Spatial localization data
##########

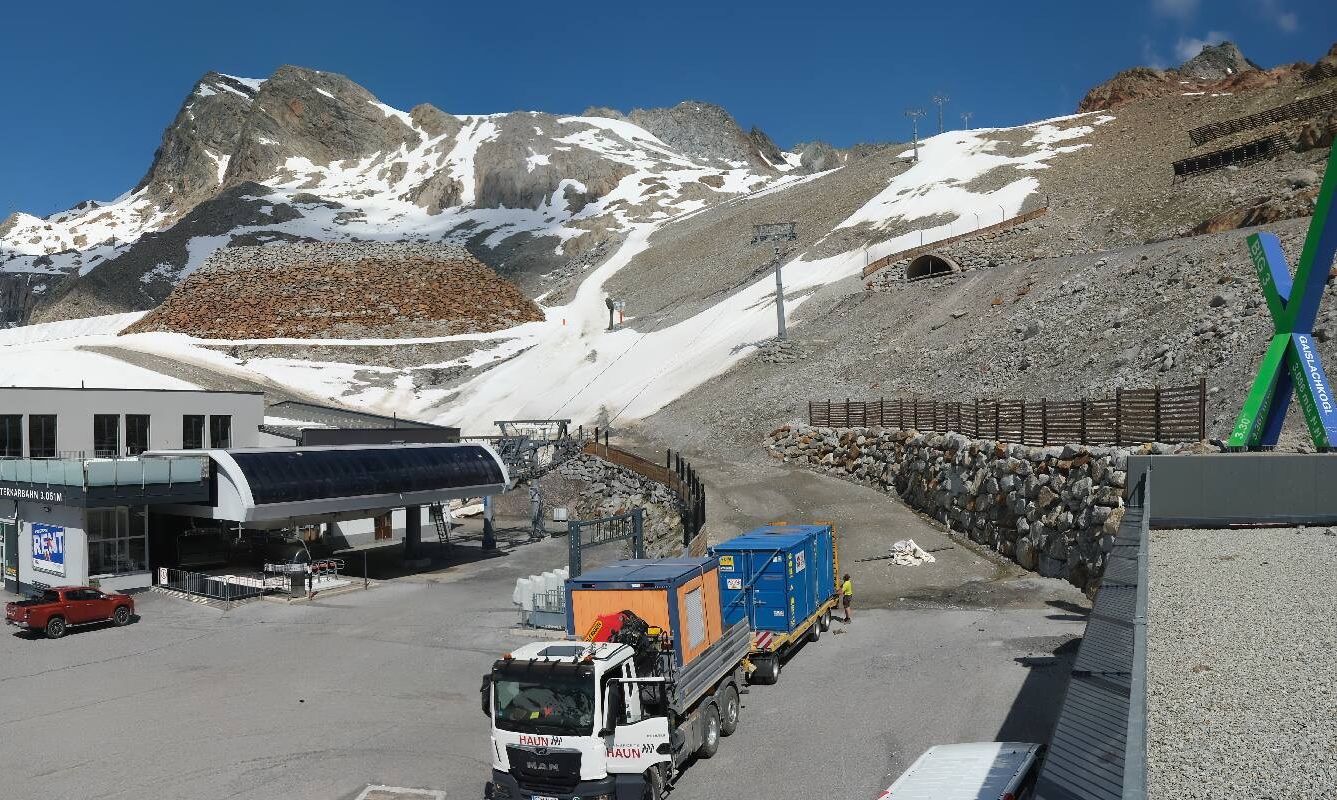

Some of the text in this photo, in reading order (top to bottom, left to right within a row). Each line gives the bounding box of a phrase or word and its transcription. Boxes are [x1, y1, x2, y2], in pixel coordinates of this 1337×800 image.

[1251, 239, 1271, 286] BIG 3
[1299, 335, 1333, 416] GAISLACHKOGL
[33, 531, 64, 556] RENT
[519, 735, 549, 746] HAUN
[606, 747, 641, 759] HAUN
[527, 761, 560, 772] MAN
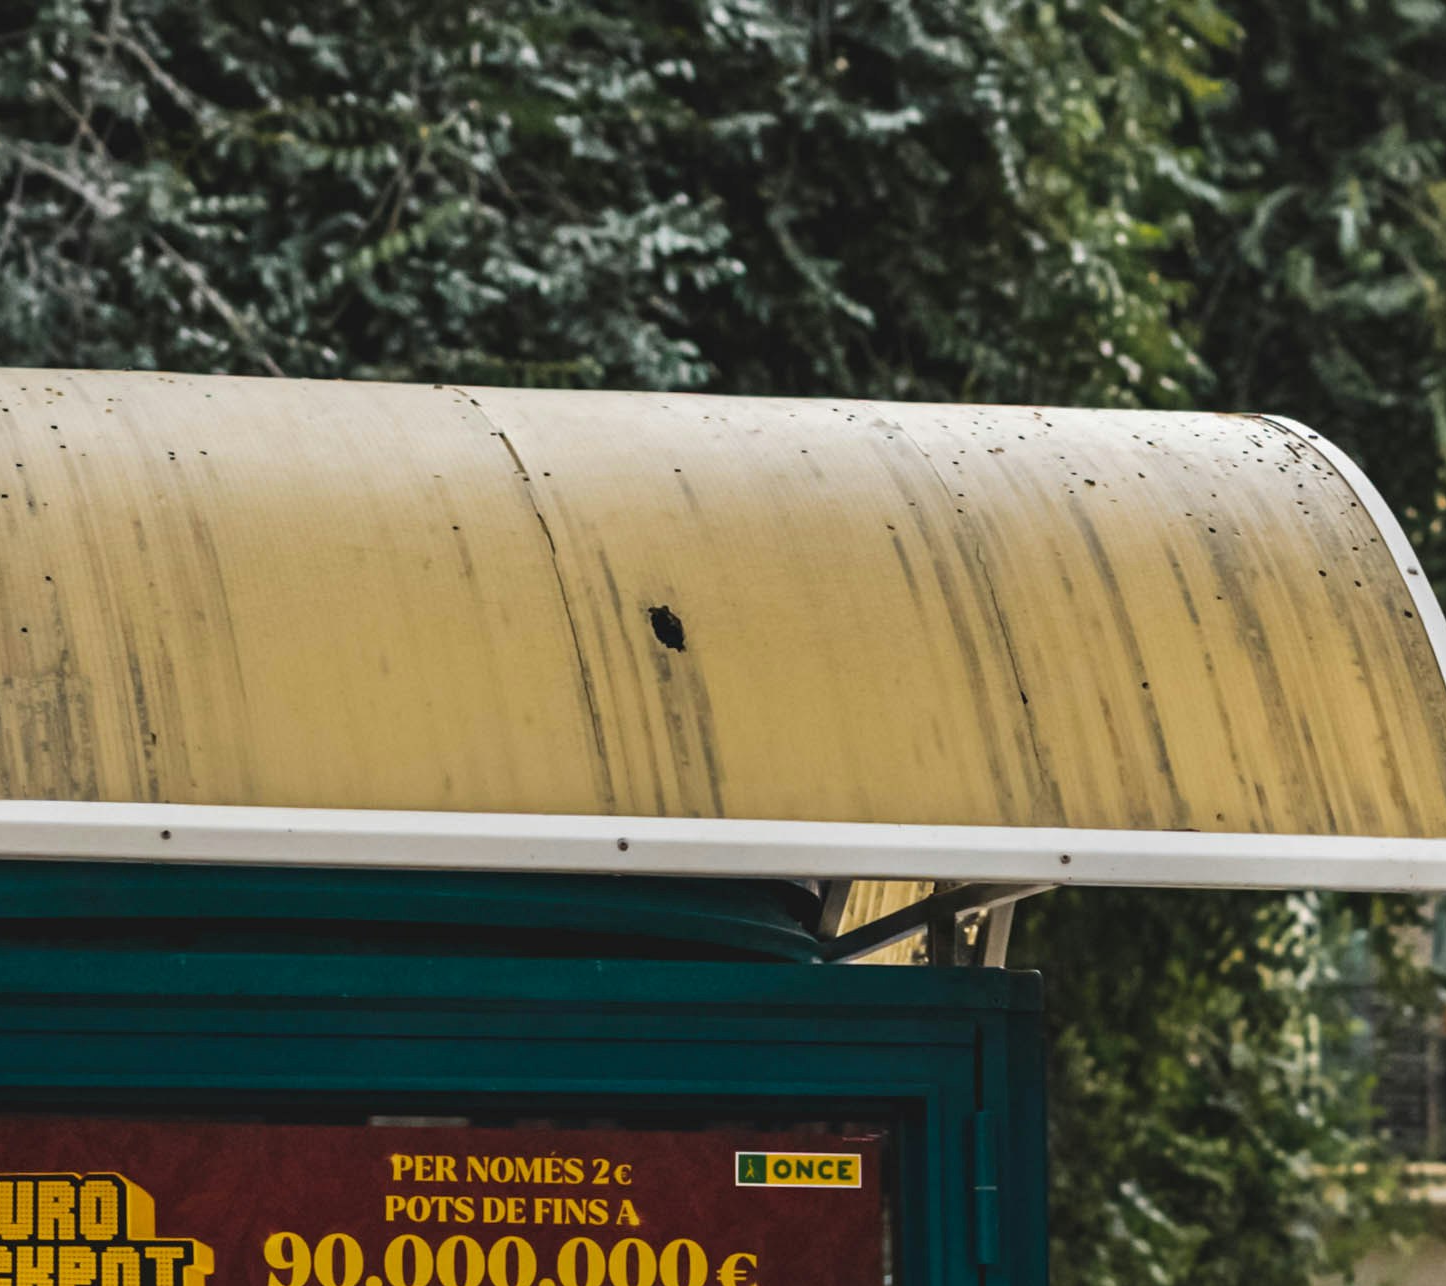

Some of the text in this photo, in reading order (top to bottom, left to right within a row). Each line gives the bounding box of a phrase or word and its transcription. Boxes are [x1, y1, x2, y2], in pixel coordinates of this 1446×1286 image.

[391, 1154, 458, 1183] PER
[465, 1152, 585, 1185] NOMÉS
[772, 1159, 854, 1182] ONCE
[385, 1195, 640, 1226] POTS DE FINS A
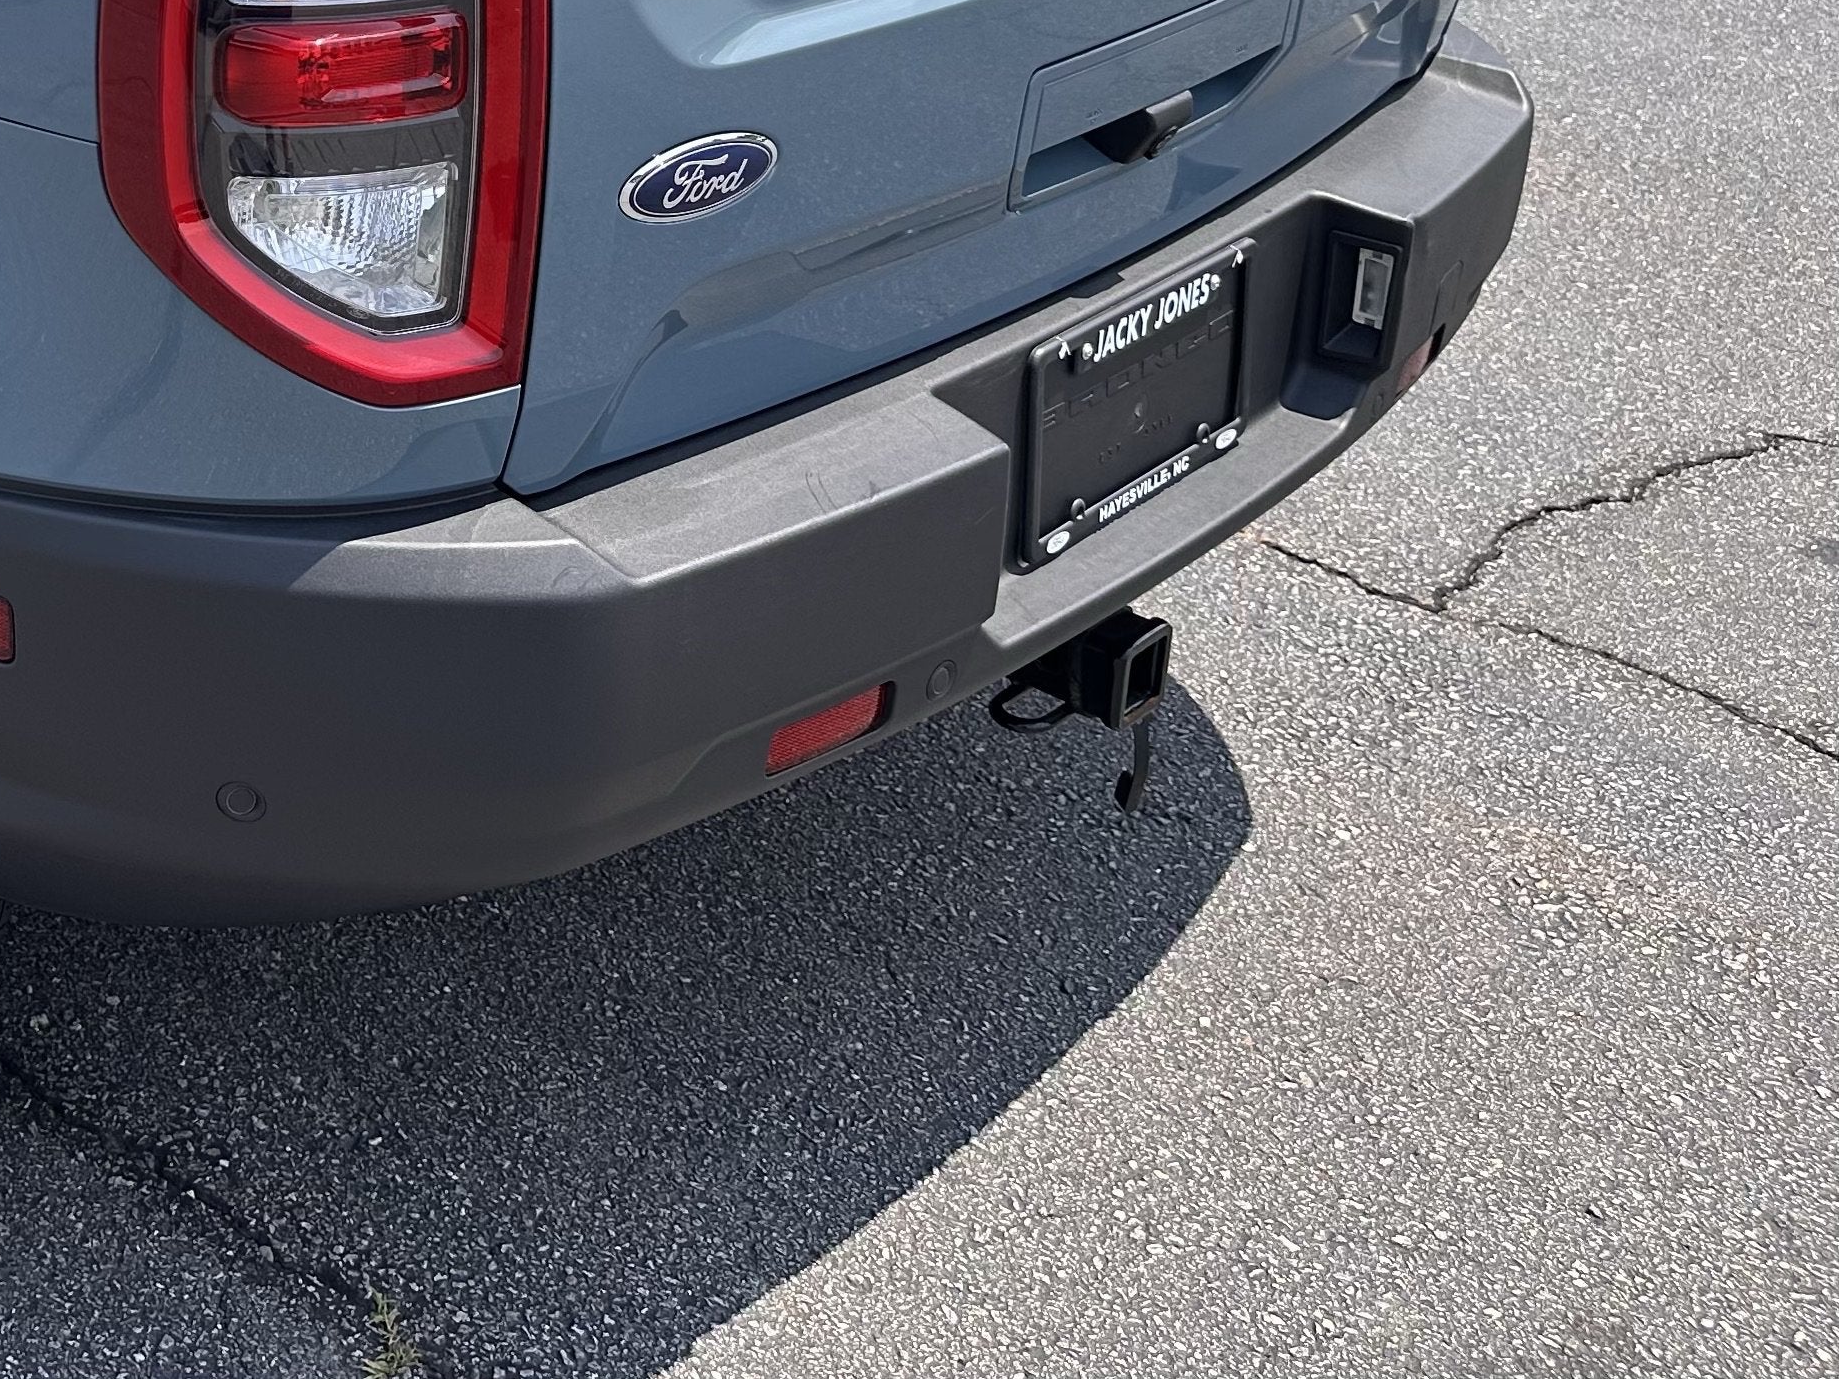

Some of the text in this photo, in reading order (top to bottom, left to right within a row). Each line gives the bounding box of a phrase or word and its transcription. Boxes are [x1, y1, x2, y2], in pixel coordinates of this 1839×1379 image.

[663, 153, 749, 209] Ford
[1093, 272, 1211, 363] JACKY JONES
[1172, 455, 1190, 477] NC

##########

Work item:
Retype all entries exactly, without the images.

Expected output:
Some of the text in this photo, in reading order (top to bottom, left to right within a row). Each line gives the bounding box of a phrase or word and its transcription. Boxes are [x1, y1, x2, y2], in pixel coordinates of this 1337×800 image.

[1251, 239, 1271, 286] BIG 3
[1299, 335, 1333, 416] GAISLACHKOGL
[33, 531, 64, 556] RENT
[519, 735, 549, 746] HAUN
[606, 747, 641, 759] HAUN
[527, 761, 560, 772] MAN

Some of the text in this photo, in reading order (top to bottom, left to right within a row). Each line gives the bounding box of a phrase or word and its transcription. Boxes are [x1, y1, x2, y2], in pixel coordinates of this 1446×1286 image.

[391, 1154, 458, 1183] PER
[465, 1152, 585, 1185] NOMÉS
[772, 1159, 854, 1182] ONCE
[385, 1195, 640, 1226] POTS DE FINS A

Some of the text in this photo, in reading order (top to bottom, left to right within a row). Each line gives the bounding box of a phrase or word and its transcription. Boxes are [x1, y1, x2, y2], in pixel coordinates of this 1839×1379 image.

[663, 153, 749, 209] Ford
[1093, 272, 1211, 363] JACKY JONES
[1172, 455, 1190, 477] NC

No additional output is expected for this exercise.